Sister St. Joe watched me from the corner of her eye. She ducked her chin to her chest. My hands trembled at my sides like fish.

“So what did I do? I took my vows,” she said and tried to laugh. “Isn’t that funny? A laugh? I thought that would fix it. I thought I had to, you know, as a penance.” She lifted her black skirt and fanned it out at her sides.

Sister St. Joe stared off into the distance and suddenly I could see it, the shadow of Deb Scott in her, the doe eyes, the set jaw. I wondered how I never saw it before.

“Life surprises you sometimes,” she said. “What you will and will not become.” She took a breath, and then another. She zipped her pearl-drop crucifix back and forth on its silver chain. I sat down beside her, rested my head against her black shoulder.

Something in my throat tore loose. I felt a sob rise in my chest. I thought about Astrid, Juli, and me, flying fearless down the long, winding ribbon of the world, for what?

“But you know what I’ve been thinking lately?” Sister St. Joe asked, wiping the dampness out of her eyes. “The Peace Corps. Guatemala maybe. I could build some nice houses, don’t you think?” Sister St. Joe flexed her muscles and winked.

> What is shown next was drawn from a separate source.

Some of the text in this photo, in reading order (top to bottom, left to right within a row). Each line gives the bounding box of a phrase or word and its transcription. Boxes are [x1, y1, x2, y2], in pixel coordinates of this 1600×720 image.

We sat there on the porch and cars drove past. I listened to her breathing, the girl, the legend. Sister St. Joe surprised me by nicking her fingers under my chin. She raised my head, parted the strawberry blond bangs out of my eyes to ask, “So, tell me. Is Deb Scott dead?”

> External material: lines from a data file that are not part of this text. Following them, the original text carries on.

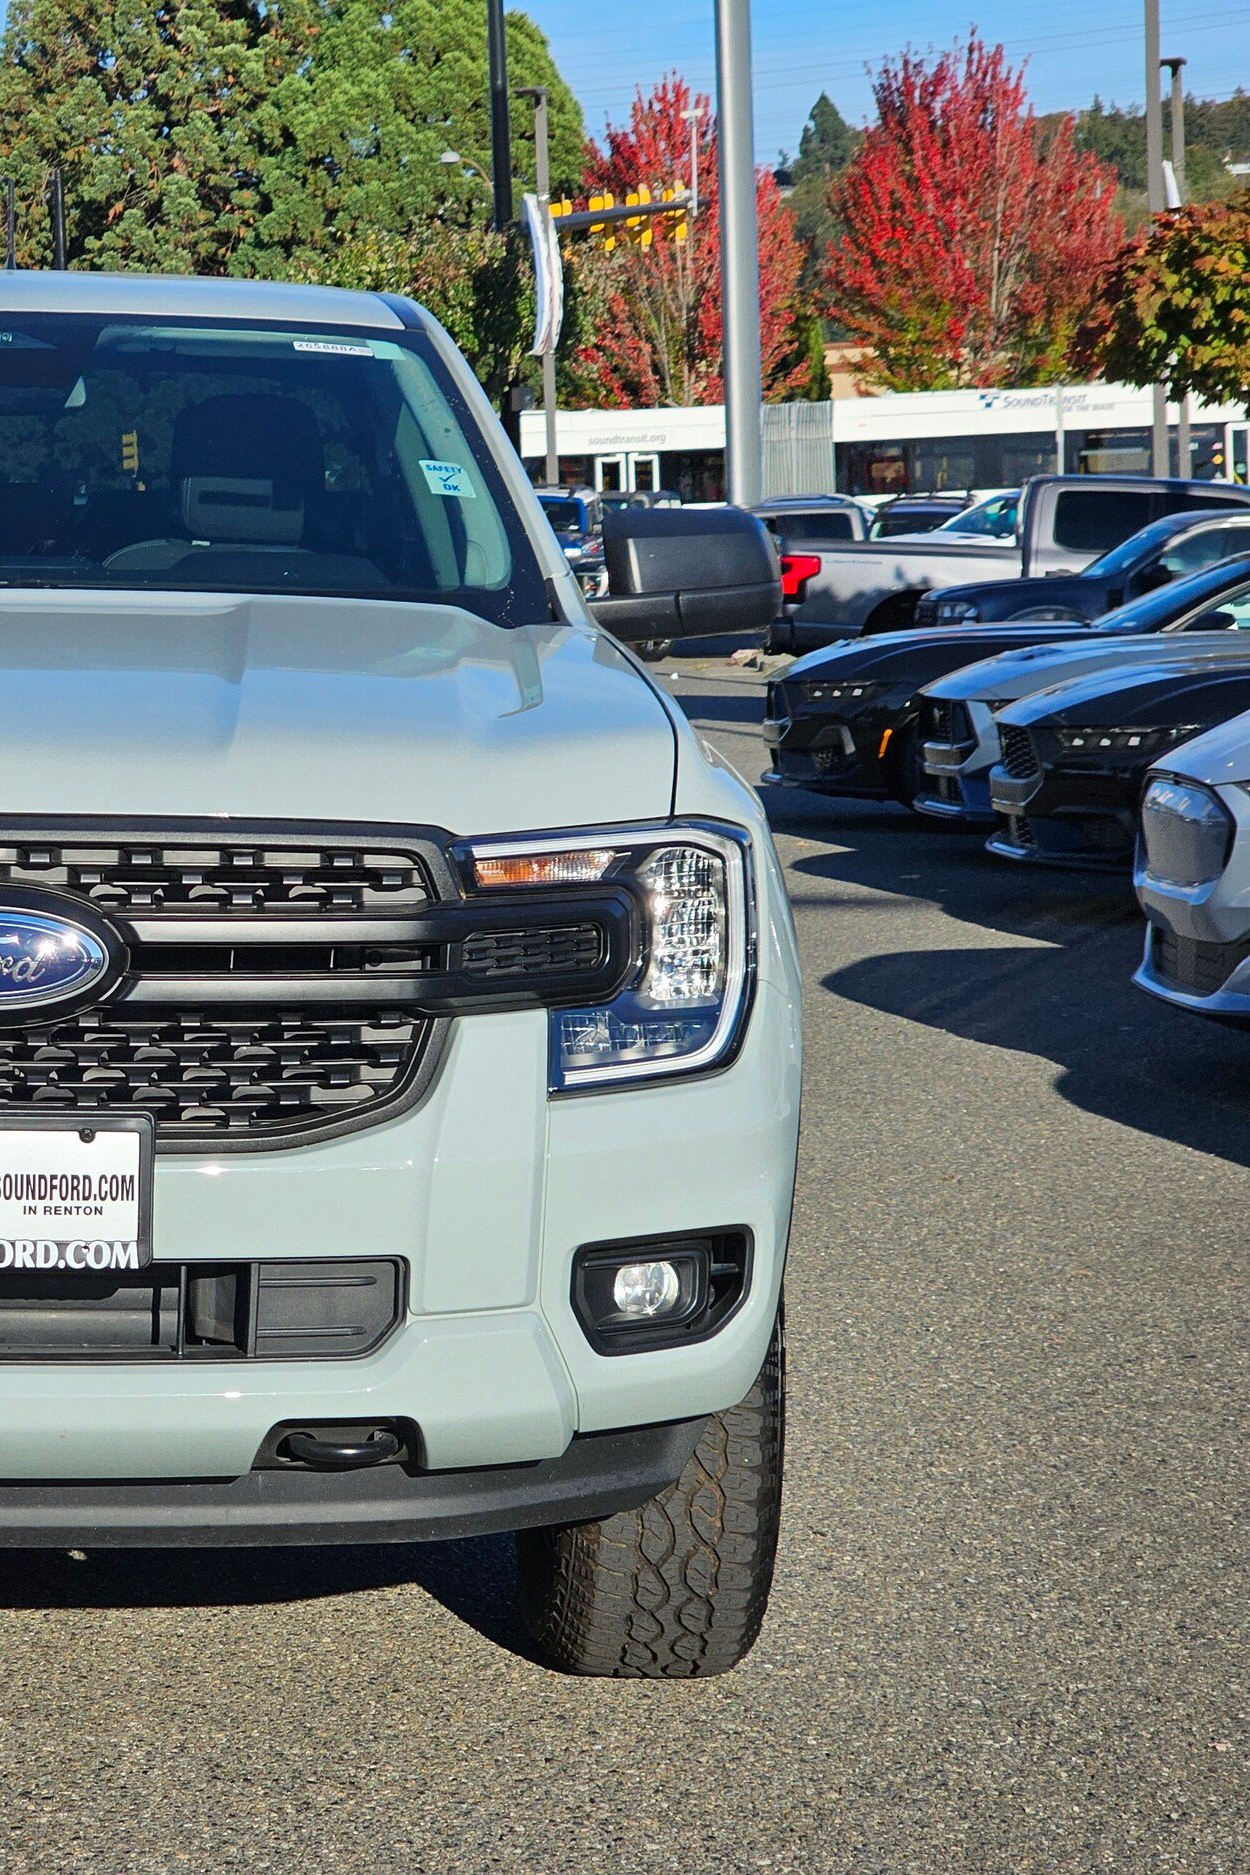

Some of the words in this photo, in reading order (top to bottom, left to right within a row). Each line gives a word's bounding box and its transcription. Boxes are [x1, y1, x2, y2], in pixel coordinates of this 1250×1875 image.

[588, 433, 667, 445] soundtransit.org
[426, 464, 462, 474] SAFETY
[443, 483, 461, 491] OK
[23, 1205, 37, 1215] IN
[43, 1205, 104, 1216] RENTON

I tore my face loose from Sister St. Joe’s grip and stared at her, those feral eyes, darting across the map of my face, searching. She was still wild, still desperate, still perched on the verge, and looking to me for answers. What could I tell her?

I opened my mouth to speak, to give her an answer, but nothing came out.

She said, almost crying, “Tell me. Does this mean Deb Scott’s dead?”